"This CD, the second album of my piano works played by Satoko Inoue, presents all the works for solo piano written from 2001 to 2012, alongside two early works from 1975. Although I cannot help but recognize some apparent differences between my early and recent works particularly in texture and sonority, I am convinced that my basic idea and methodology of composition has remained unchanged since the 1970's.
"Gamut" (2012) was written expressly for Satoko Inoue on the occasion of this recording. This miniature piece is a piano arrangement (or 'intavolatura') of the fourth and last song in the song cycle I wrote in 2006, "Four Short Poems" of Louis Zukofsky for mezzo-soprano and four instruments (flute, viola, electric guitar and percussion). The text of the original song, Zukofsky's 'Gamut', is in itself a fascinating sound play of words full of musical charm, typical of this American poet.

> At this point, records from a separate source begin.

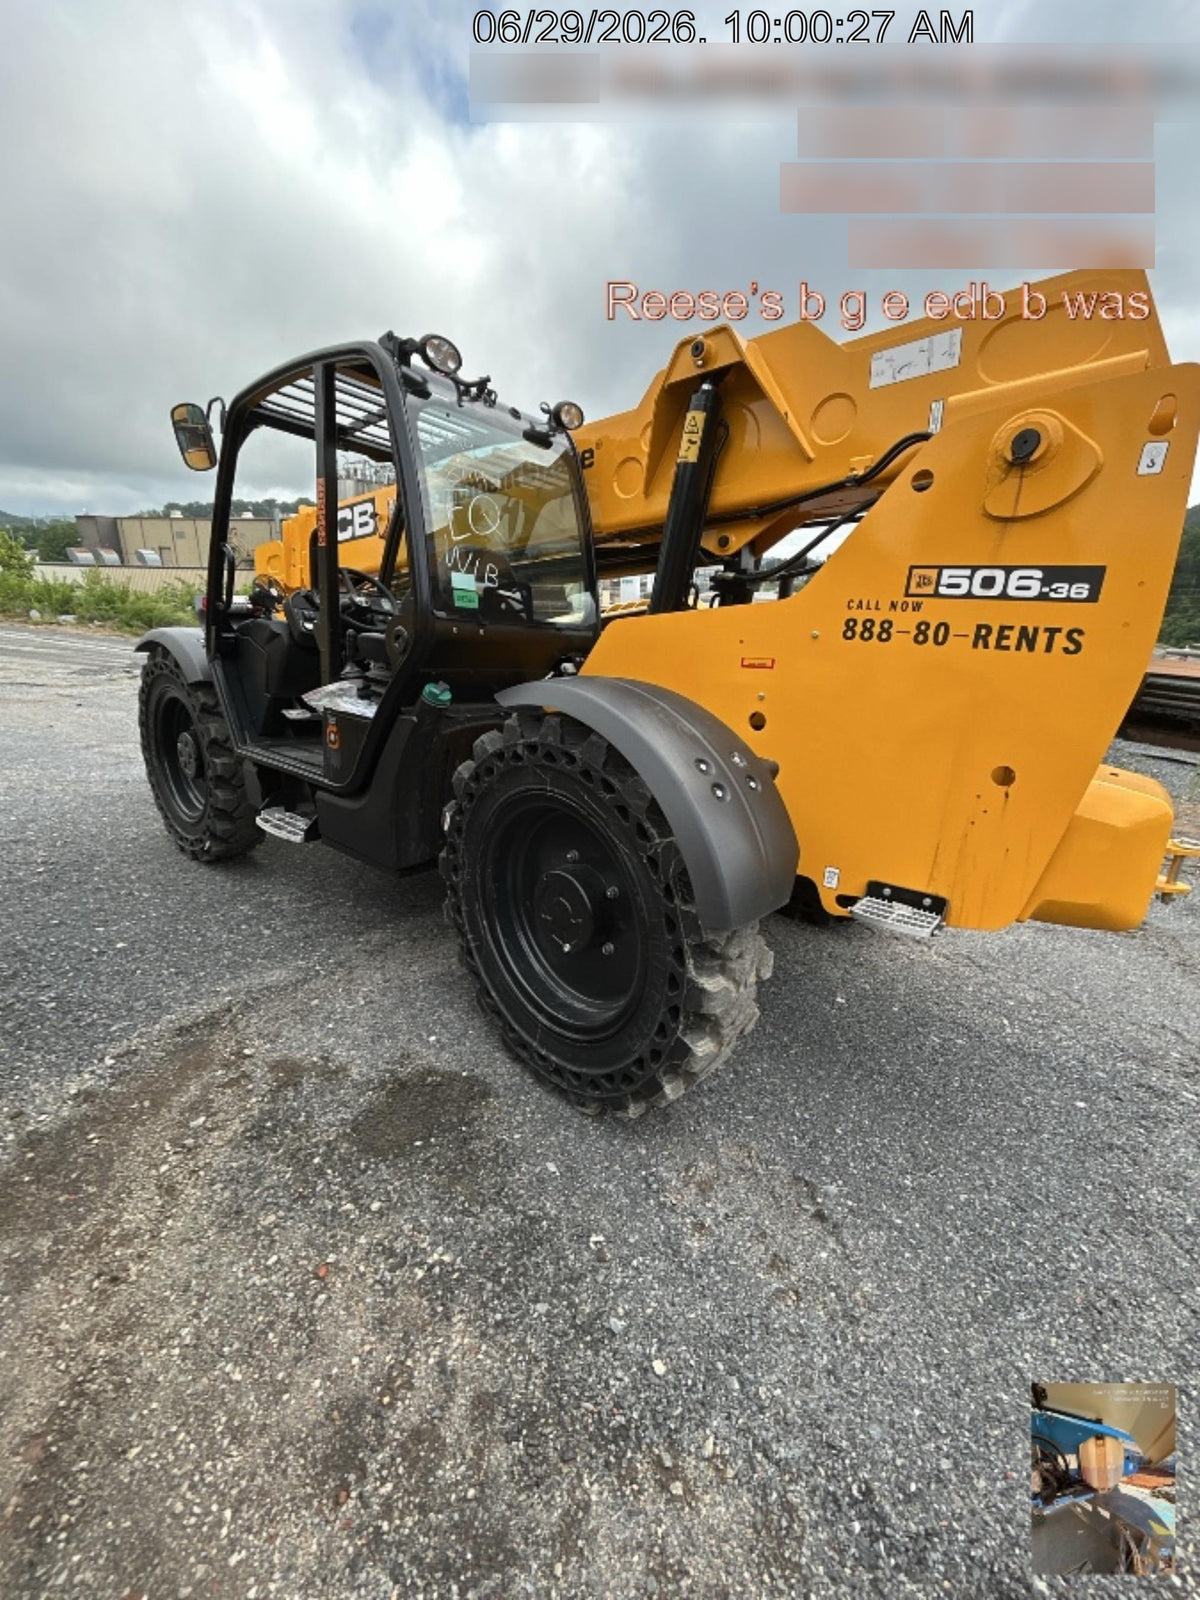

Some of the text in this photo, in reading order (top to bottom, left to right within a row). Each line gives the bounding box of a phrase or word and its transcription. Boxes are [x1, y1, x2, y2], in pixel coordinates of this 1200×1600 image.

[338, 502, 375, 541] CB
[938, 568, 1090, 599] 506-36
[847, 599, 923, 612] CALL NOW
[842, 618, 1085, 655] 888-80-RENTS
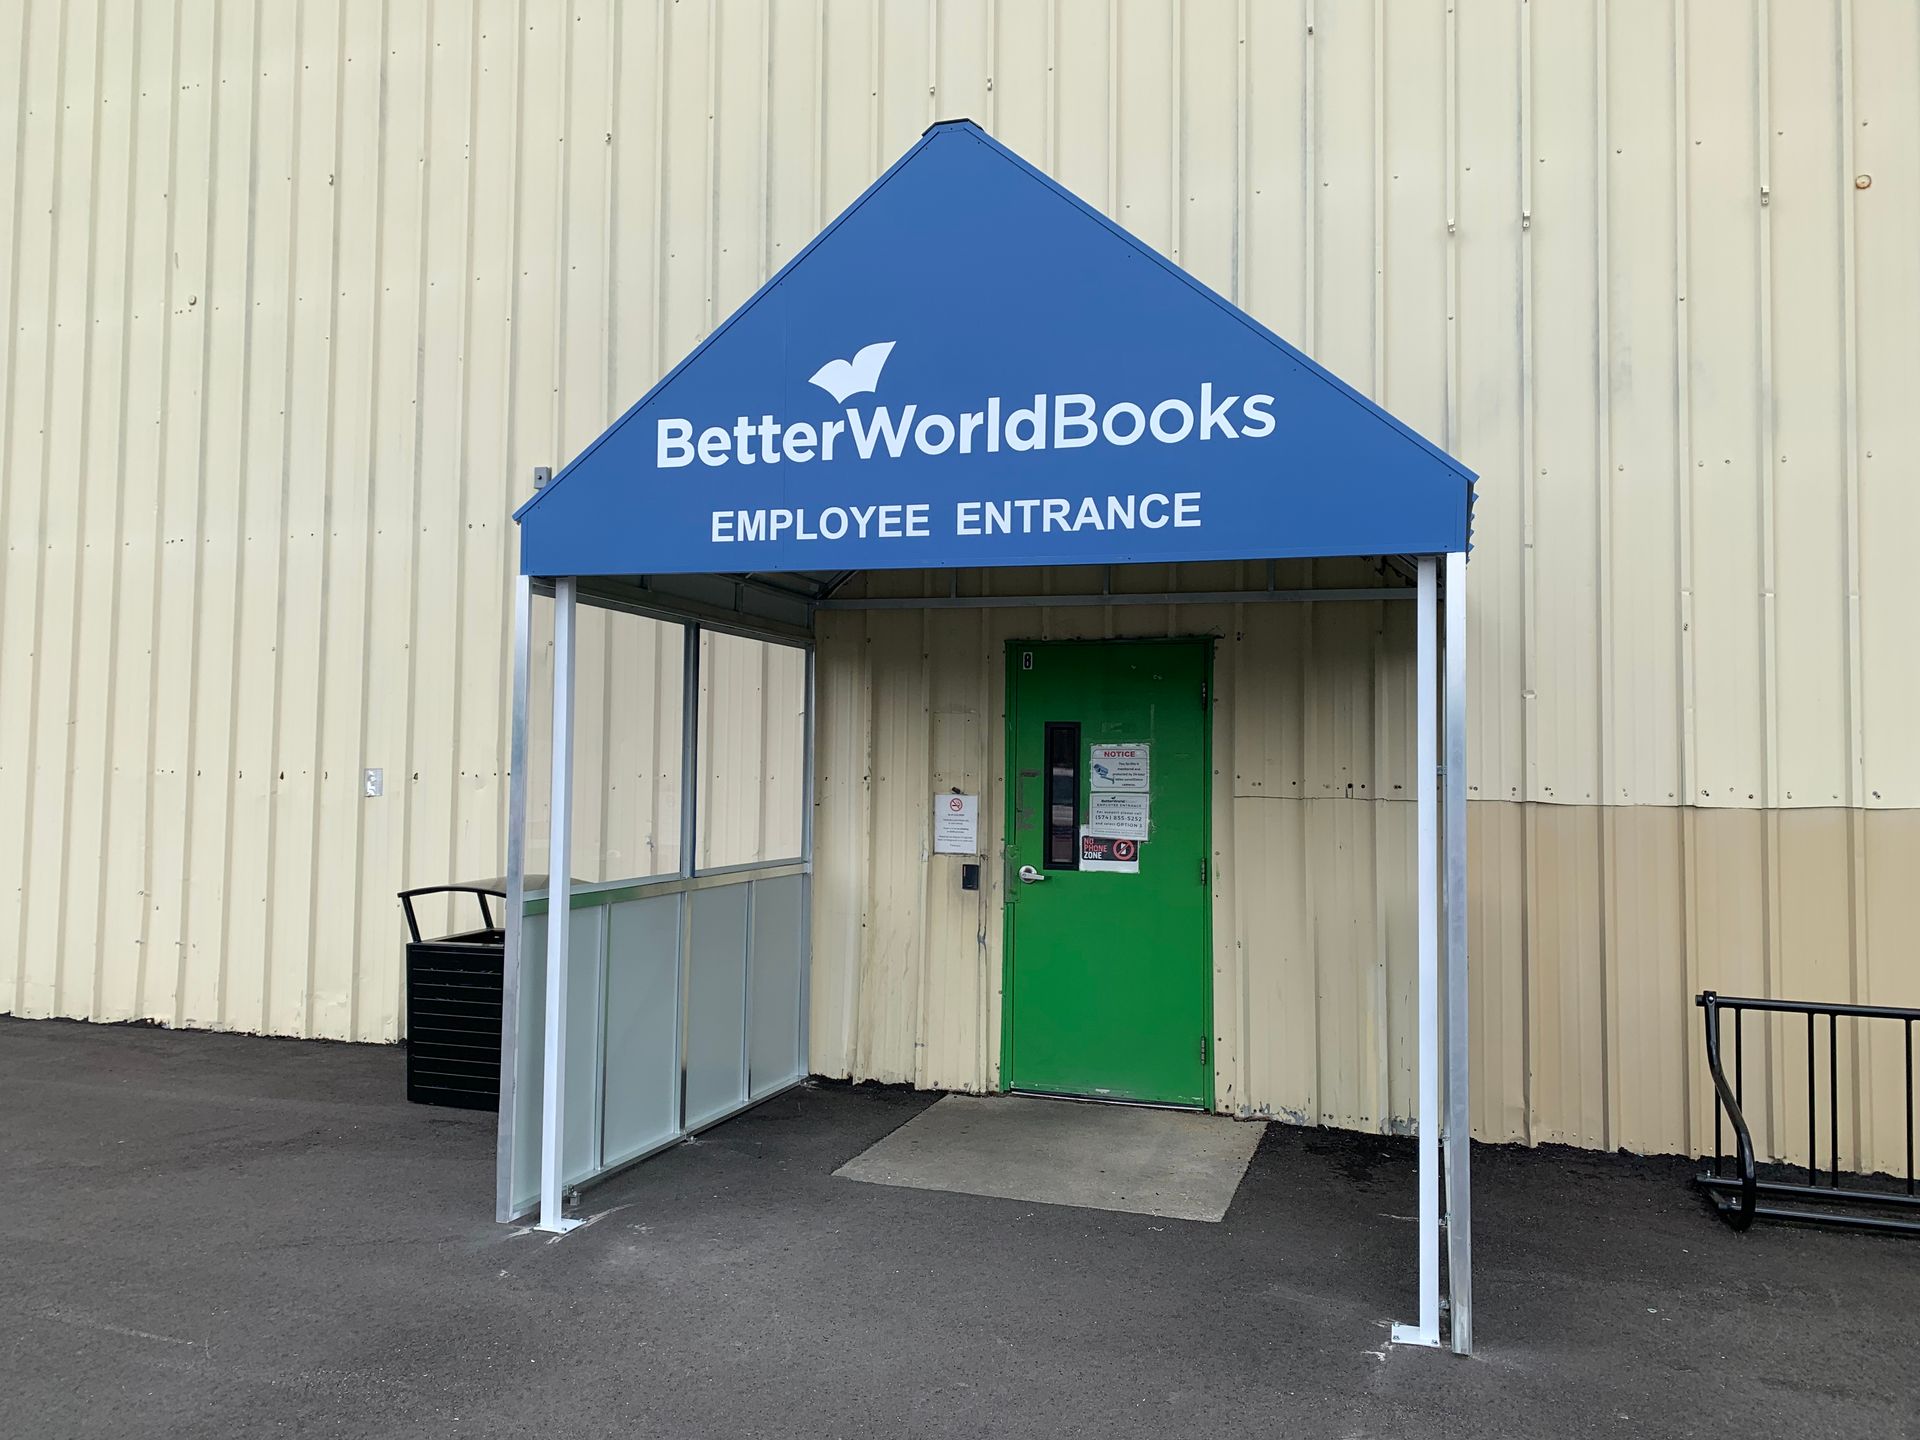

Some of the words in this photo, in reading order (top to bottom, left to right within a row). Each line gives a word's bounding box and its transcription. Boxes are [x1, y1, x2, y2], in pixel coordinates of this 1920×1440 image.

[657, 382, 1276, 468] BetterWorldBooks
[712, 504, 929, 542] EMPLOYEE
[957, 493, 1200, 535] ENTRANCE
[1083, 837, 1094, 845] NO
[1083, 844, 1108, 852] PHONE
[1083, 851, 1102, 859] ZONE
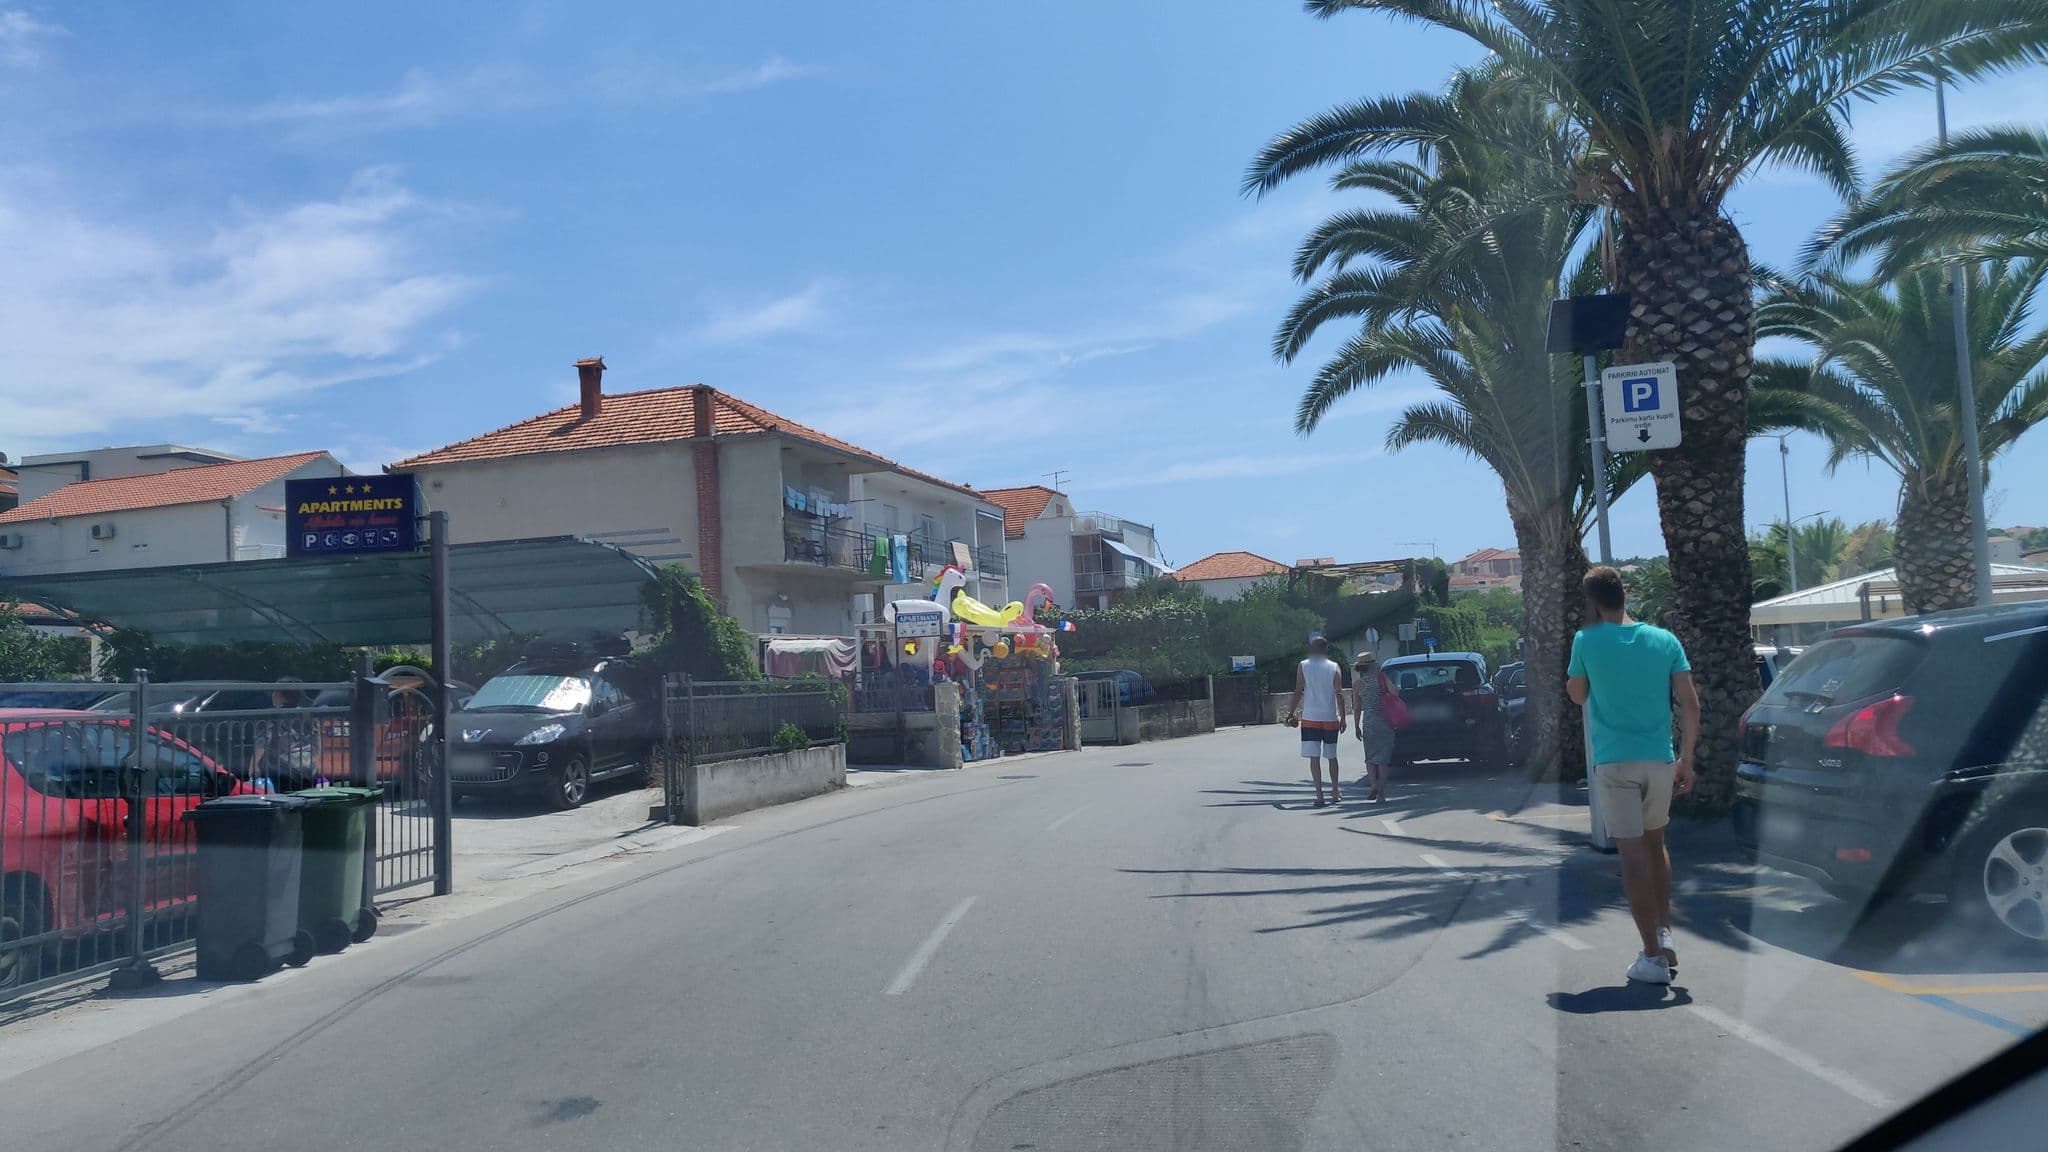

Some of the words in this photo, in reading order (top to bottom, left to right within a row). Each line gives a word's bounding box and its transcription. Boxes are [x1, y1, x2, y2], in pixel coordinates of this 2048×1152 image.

[1608, 370, 1638, 380] PARKIRNI
[1639, 367, 1669, 376] AUTOMAT
[1631, 383, 1652, 409] P
[298, 498, 403, 513] APARTMENTS
[306, 534, 316, 548] P

"Ritornello" (2005) is, as the title suggests, characterized by the recurrence of the same (or almost the same) phrases. Its relatively thick texture, and structure consisting of juxtapositions of short sections of sharply contrasting musical character, are common features in my 'recent' music (not just in my piano pieces but my works in general).
"In Nomine (Berceuse à la Lesniewski)" (2006) was written, as my response to Ensemble Recherche's request to contribute to their 'In Nomine Project' which sought to revivify the old English tradition of writing virtuoso instrumental music based on the plain chant melody, Gloria tibi Trinitas. My 'In nomine' turned out to be a quiet, anti-virtuoso berceuse, whose harmonic texture derives from chordal colorings of every note in the cantus firms. The subtitle refers to the Polish logician Stanislaw Lesniewski, who initiated 'mereology', a theory about relationships between the whole and the parts. I believe that any musical structure (or, any 'piece' of music) that I create could be taken as a good exemplification of his theory.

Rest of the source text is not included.